> _What is being asked_
Your answer must be an exact copy of the records below, with no pictures in it.

Source records
╭──

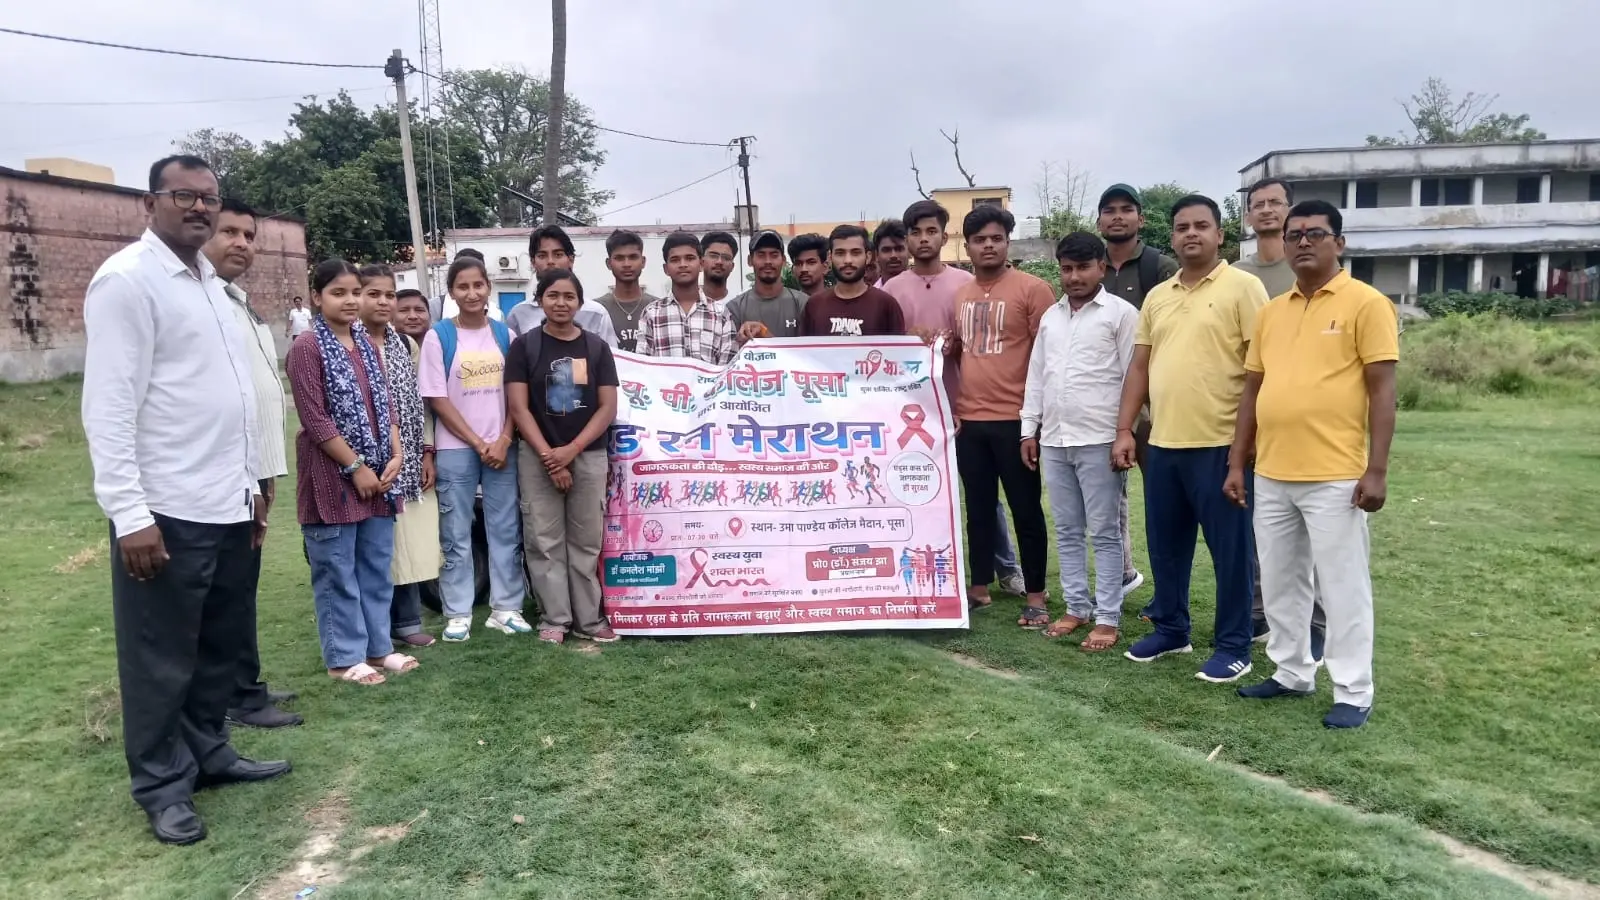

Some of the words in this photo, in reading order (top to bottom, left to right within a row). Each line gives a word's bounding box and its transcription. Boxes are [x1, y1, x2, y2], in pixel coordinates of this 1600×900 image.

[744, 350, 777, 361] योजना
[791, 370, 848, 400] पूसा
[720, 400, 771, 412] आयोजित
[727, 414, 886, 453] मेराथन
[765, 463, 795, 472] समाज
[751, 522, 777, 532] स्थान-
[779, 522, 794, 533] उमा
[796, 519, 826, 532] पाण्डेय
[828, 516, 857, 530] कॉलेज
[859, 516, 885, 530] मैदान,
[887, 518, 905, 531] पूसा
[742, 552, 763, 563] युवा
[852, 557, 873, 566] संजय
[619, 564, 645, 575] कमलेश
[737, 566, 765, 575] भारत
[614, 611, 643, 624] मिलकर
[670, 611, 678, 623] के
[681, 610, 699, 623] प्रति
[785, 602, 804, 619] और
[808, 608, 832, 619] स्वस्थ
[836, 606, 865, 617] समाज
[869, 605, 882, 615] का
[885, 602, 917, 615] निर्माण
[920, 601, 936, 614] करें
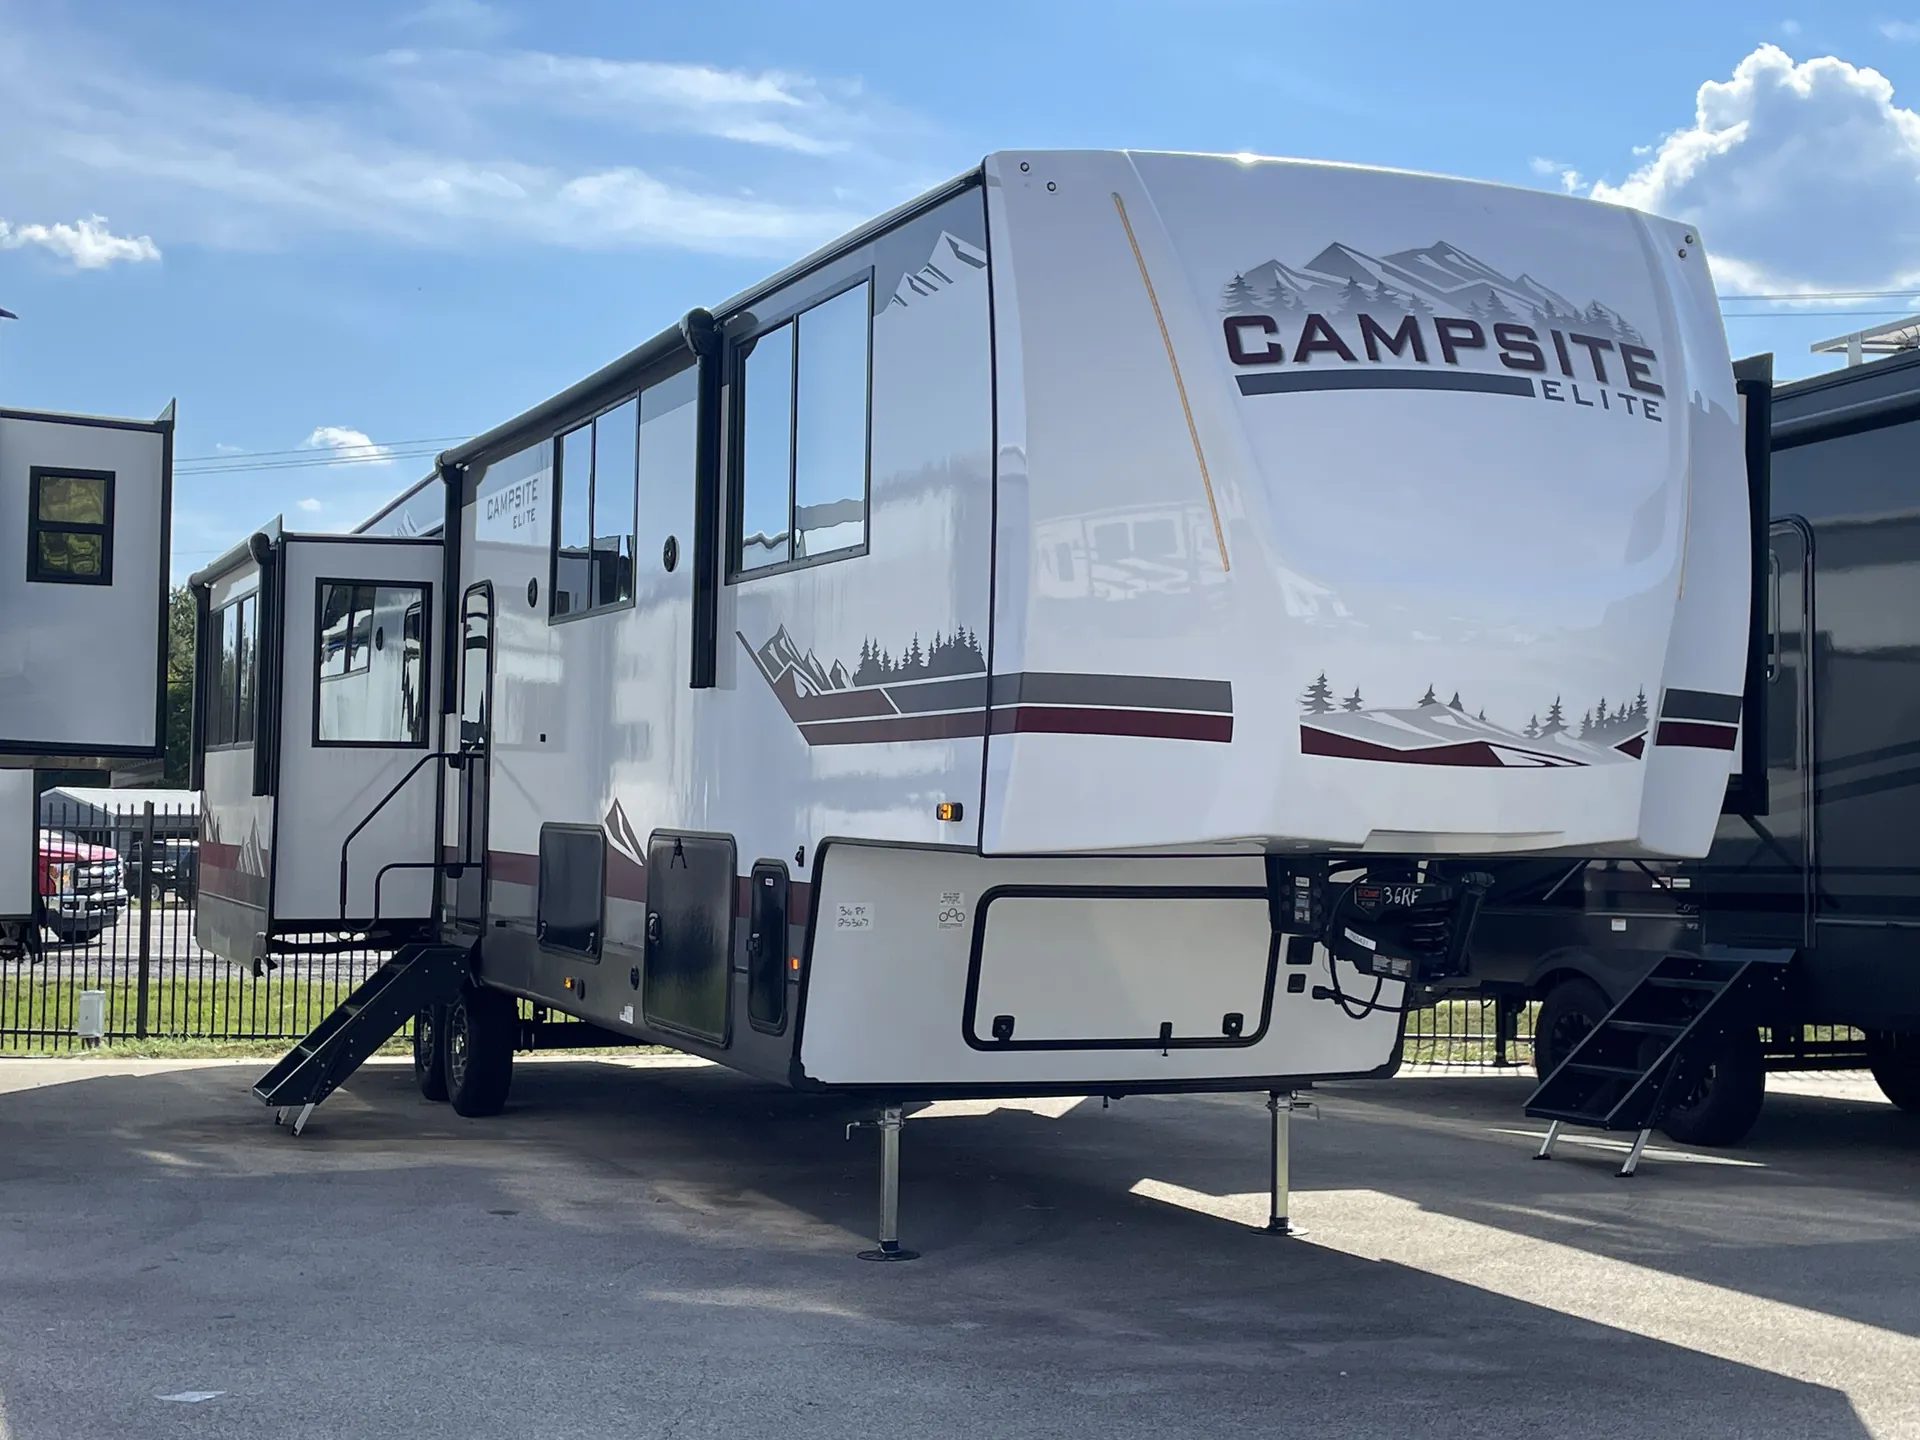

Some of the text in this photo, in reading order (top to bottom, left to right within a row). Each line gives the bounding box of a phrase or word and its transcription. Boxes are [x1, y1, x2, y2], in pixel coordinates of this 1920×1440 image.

╰──

> _Reply to the exercise_
Some of the words in this photo, in reading order (top to bottom, left to right within a row). Each line gives a word's bounding box and its transcription. Boxes are [x1, y1, x2, y2], in pixel coordinates of this 1600×900 image.

[744, 350, 777, 361] योजना
[791, 370, 848, 400] पूसा
[720, 400, 771, 412] आयोजित
[727, 414, 886, 453] मेराथन
[765, 463, 795, 472] समाज
[751, 522, 777, 532] स्थान-
[779, 522, 794, 533] उमा
[796, 519, 826, 532] पाण्डेय
[828, 516, 857, 530] कॉलेज
[859, 516, 885, 530] मैदान,
[887, 518, 905, 531] पूसा
[742, 552, 763, 563] युवा
[852, 557, 873, 566] संजय
[619, 564, 645, 575] कमलेश
[737, 566, 765, 575] भारत
[614, 611, 643, 624] मिलकर
[670, 611, 678, 623] के
[681, 610, 699, 623] प्रति
[785, 602, 804, 619] और
[808, 608, 832, 619] स्वस्थ
[836, 606, 865, 617] समाज
[869, 605, 882, 615] का
[885, 602, 917, 615] निर्माण
[920, 601, 936, 614] करें

Some of the text in this photo, in reading order (top to bottom, left to right within a row). Each line gives the bounding box of a phrase or word and its transcription. Boxes are [x1, y1, x2, y2], in pixel coordinates of this 1920×1440 image.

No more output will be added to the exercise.